Sejuta Gaya Batik

Geliat peragaan busana yang digelar di beberapa penjuru Tanah Air semakin bersinar. Beberapa waktu lalu, Kota Gudeg Yogyakarta tidak mau ketinggalan dan ikut ambil bagian.

Dengan mengusung tema "Jogja Fashion Week (JFW) 2008", peragaan akbar yang berlangsung selama lima hari ini mengambil tempat di Pagelaran Keraton Yogyakarta. Ajang ini menampilkan karya para perancang setempat dan melibatkan perancang dari kota lain, seperti Solo, Klaten, Pekalongan, Bandung, Semarang dan Bali.
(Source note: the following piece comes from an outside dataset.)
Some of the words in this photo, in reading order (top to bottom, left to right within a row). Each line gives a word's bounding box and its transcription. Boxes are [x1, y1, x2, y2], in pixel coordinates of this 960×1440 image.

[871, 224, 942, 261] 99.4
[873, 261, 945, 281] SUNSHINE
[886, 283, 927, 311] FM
"Batik kini menjadi idola, dipakai dalam berbagai kesempatan. Kian digemari tak hanya oleh kaum tua, orang muda pun mulai melirik dan menyukai batik. Ini sangat menggembirakan sekaligus menjadi tantangan," ujar Afif Syakur, perancang busana asal Pekalongan yang lama berkiprah di Yogyakarta.

Afif menyajikan tema "Culturally Plural" yang diharapkan menjadi ajang promosi yang semakin meningkatkan potensi industri tekstil dalam negeri. "Saya ingin masyarakat tahu batik pun bisa tampil dalam berbagai pernik, seperti tas, ikat pinggang, topi, bahkan sepatu."
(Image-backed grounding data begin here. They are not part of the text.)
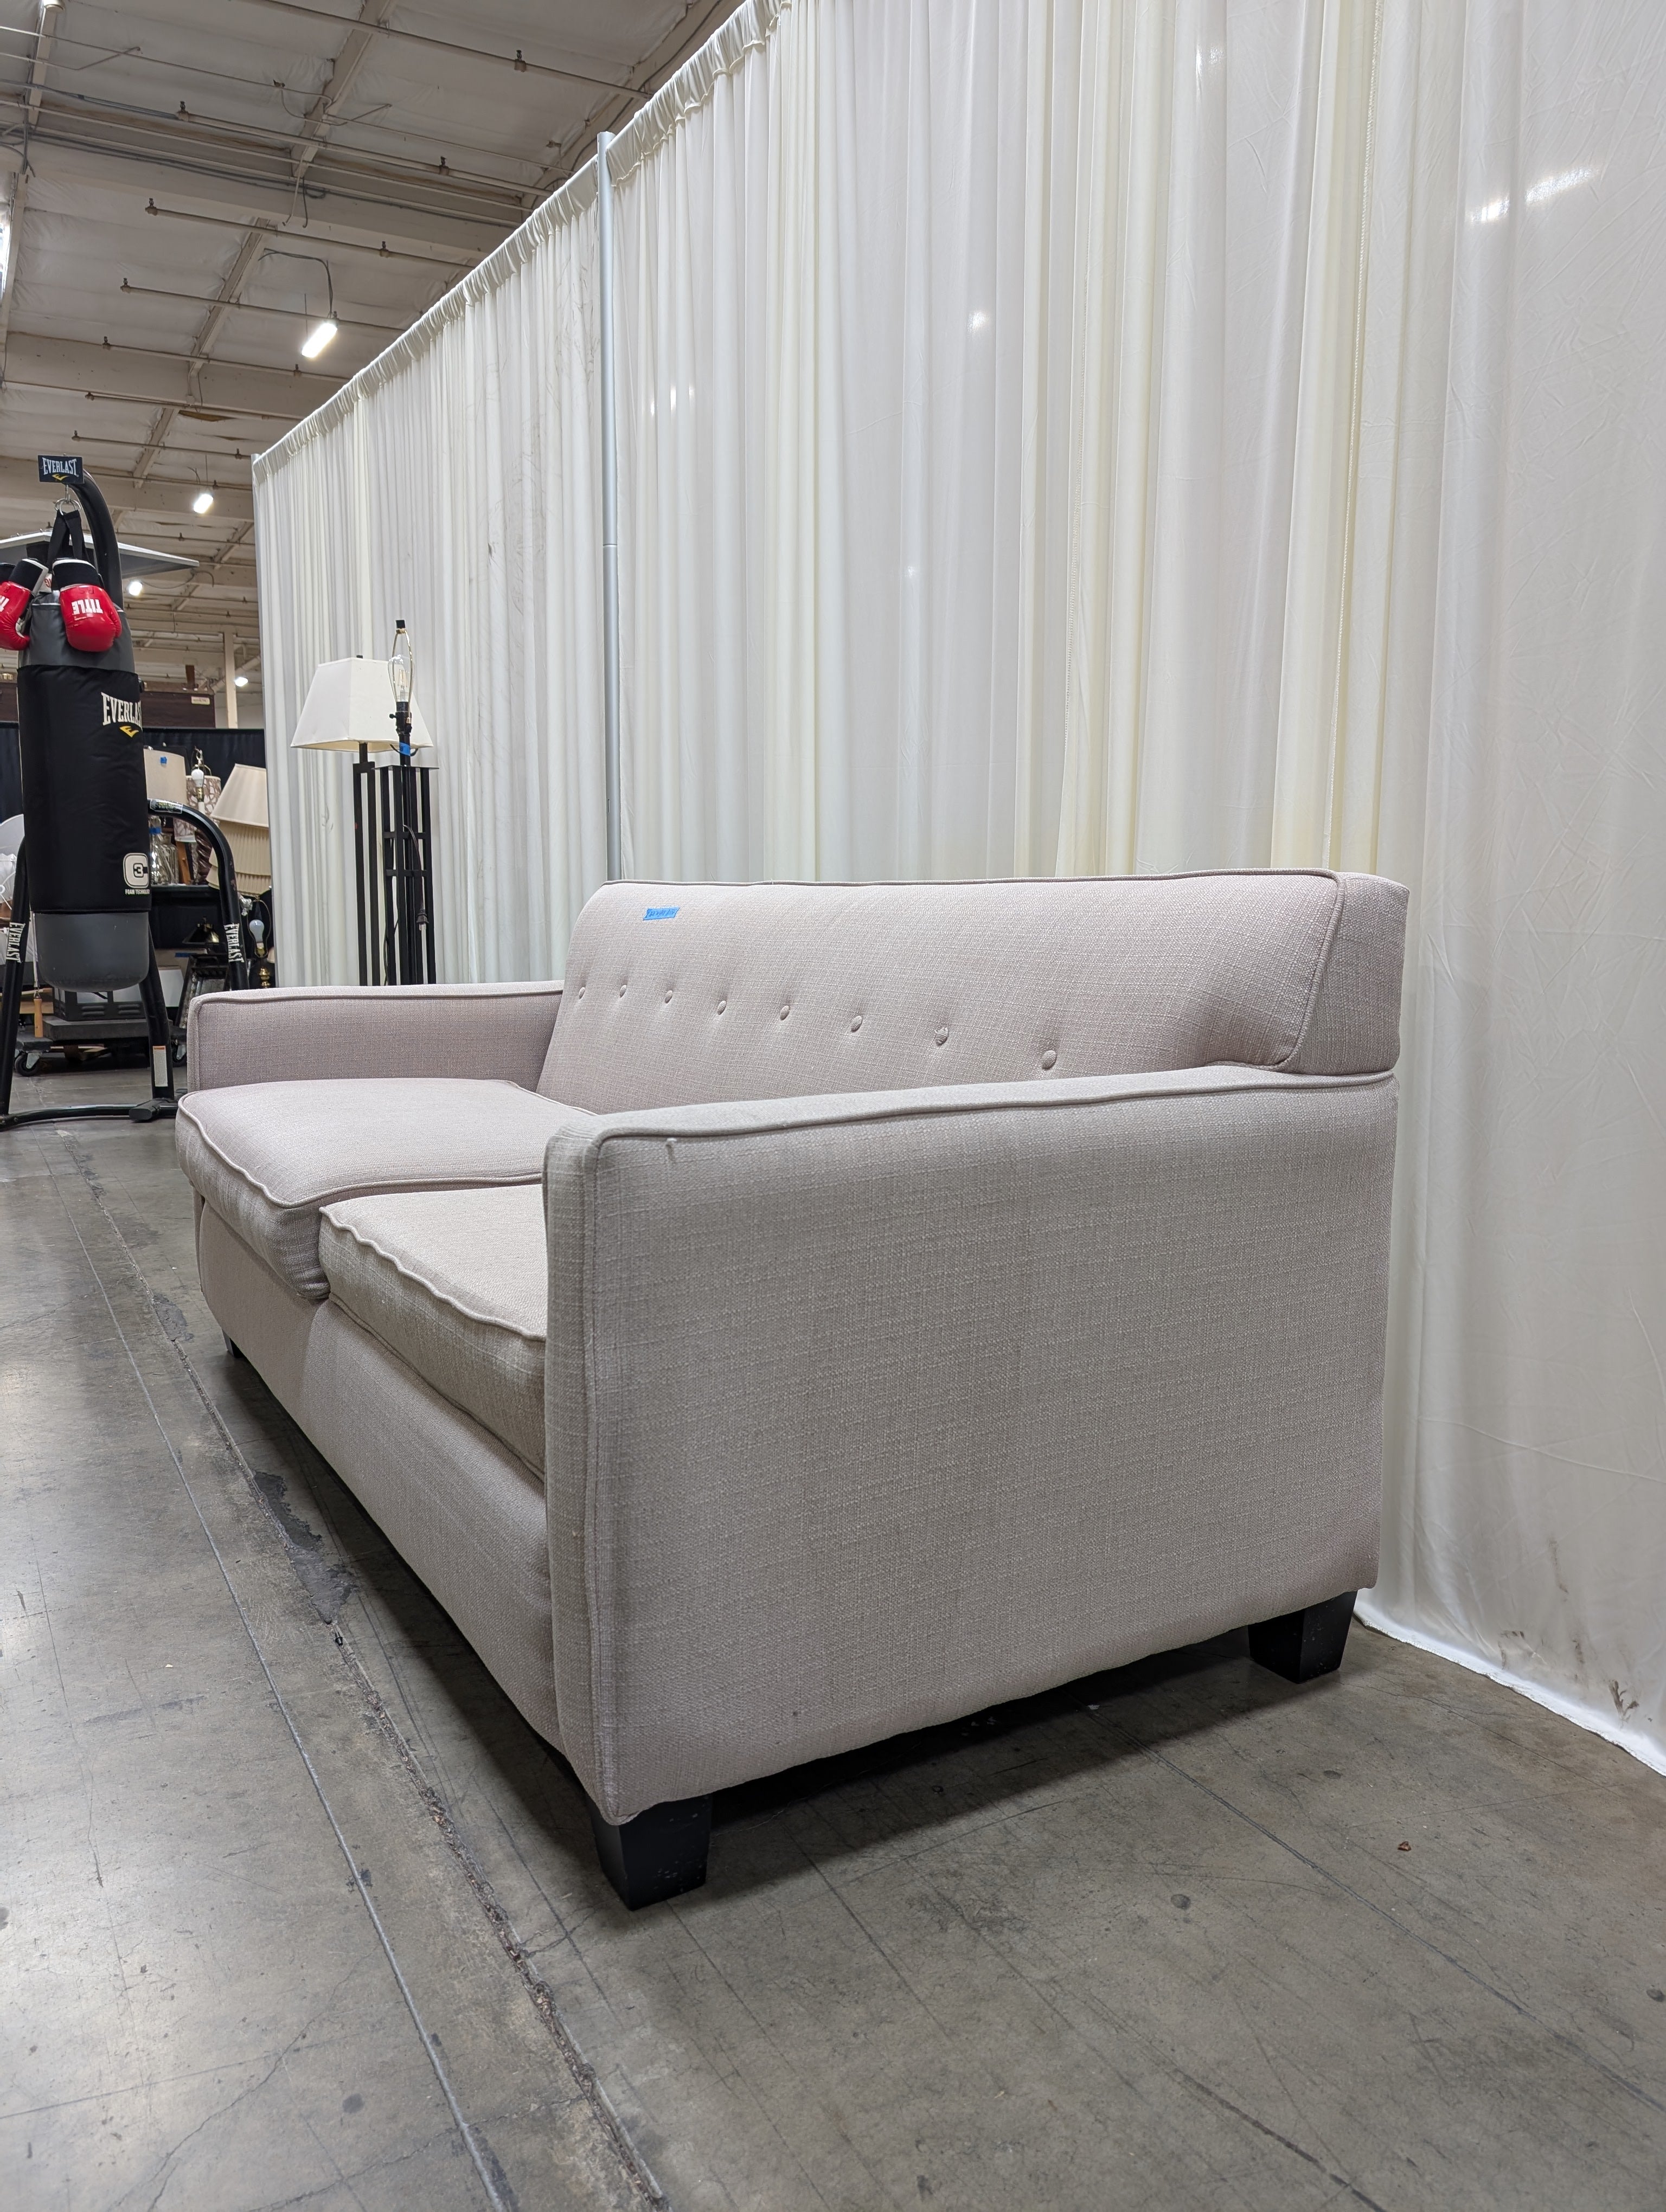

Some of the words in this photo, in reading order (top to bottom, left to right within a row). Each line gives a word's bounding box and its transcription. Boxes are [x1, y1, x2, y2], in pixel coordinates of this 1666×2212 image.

[42, 457, 77, 476] EVERLAST
[71, 599, 104, 615] TITLE
[101, 691, 143, 732] EVERLAS
[6, 922, 26, 963] EVERLAST
[223, 923, 245, 963] EVERLAST
Sementara itu, perancang Ari Sudewo menampilkan karya apiknya yang terinspirasi dari ikat sarung. "Saya ingin masyarakat menyukai keindahan kain lokal Indonesia tidak hanya batik, tapi sarung juga jadi sumber inspirasi yang memikat," ucapnya. Di tangan Ari, tercipta aneka busana sederhana dari ikat sarung. Dengan ragam sederhana tapi manis, ia menyajikan celana panjang warna cokelat hijau, blus lengan pendek bermotif garis-garis, blus cokelat hijau, dan sebagainya.

Lain halnya dengan Endi, perancang asal Bali yang mengusung keindahan batik pesisiran. Keberaniannya menampilkan aneka warna ceria. Ia menyajikan koleksi baju panjang, bagian atas berbentuk tank top, rok lebar berkerut, serta busana mini untuk saat bersantai yang di bagian bawahnya diberi aksen rempel.

"Dengan busana begini, saya ingin remaja atau kaum muda punya kebanggaan mengenakan batik. Mereka (para remaja) sangat cocok, menyukai batik bernuansa santai," tukas Endi.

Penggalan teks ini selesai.